-- WORK TASK --
Please give the listing again in full, leaving out its images.

-- DATA SHOWN --
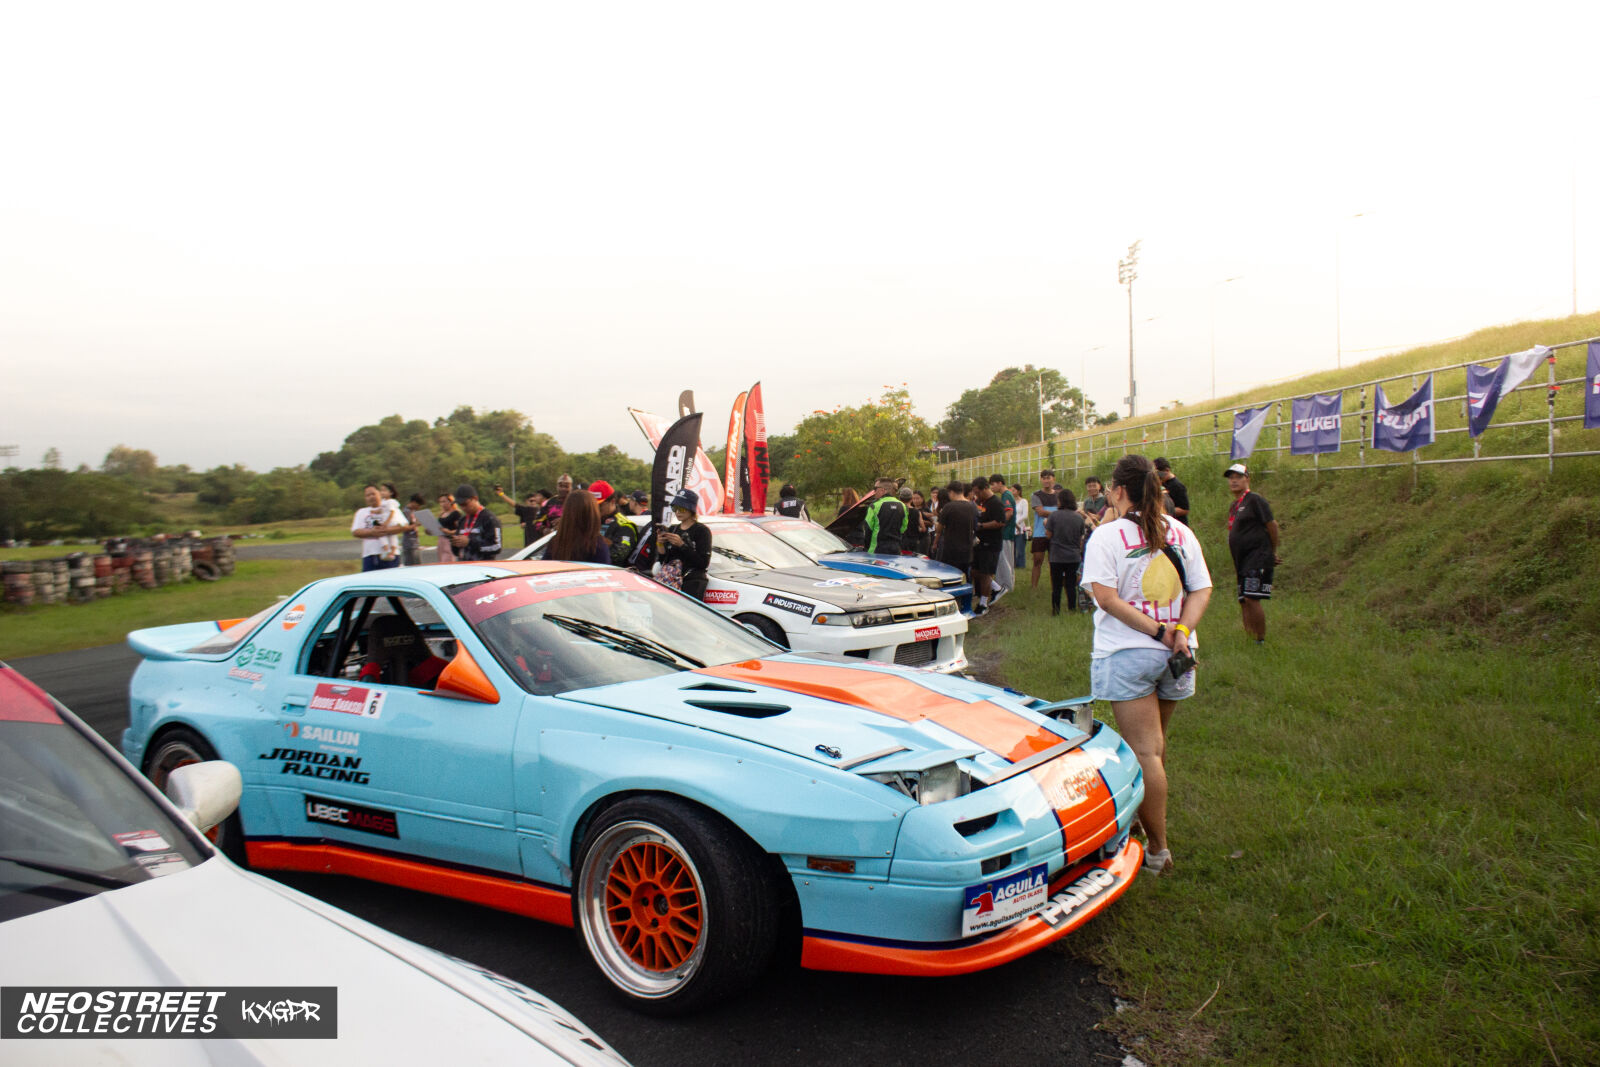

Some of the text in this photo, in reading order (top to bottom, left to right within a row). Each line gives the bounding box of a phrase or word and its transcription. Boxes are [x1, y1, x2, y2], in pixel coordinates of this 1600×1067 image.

[774, 597, 813, 614] INDUSTRIES
[369, 700, 378, 715] 6
[302, 725, 359, 746] SAILUN
[258, 748, 362, 769] JORDAN
[282, 762, 371, 784] RACING
[995, 874, 1044, 902] AGUILA
[1013, 894, 1026, 904] AUTO

-- YOUR SOLUTION --
Some of the text in this photo, in reading order (top to bottom, left to right within a row). Each line gives the bounding box of a phrase or word and its transcription. Boxes are [x1, y1, x2, y2], in pixel coordinates of this 1600×1067 image.

[774, 597, 813, 614] INDUSTRIES
[369, 700, 378, 715] 6
[302, 725, 359, 746] SAILUN
[258, 748, 362, 769] JORDAN
[282, 762, 371, 784] RACING
[995, 874, 1044, 902] AGUILA
[1013, 894, 1026, 904] AUTO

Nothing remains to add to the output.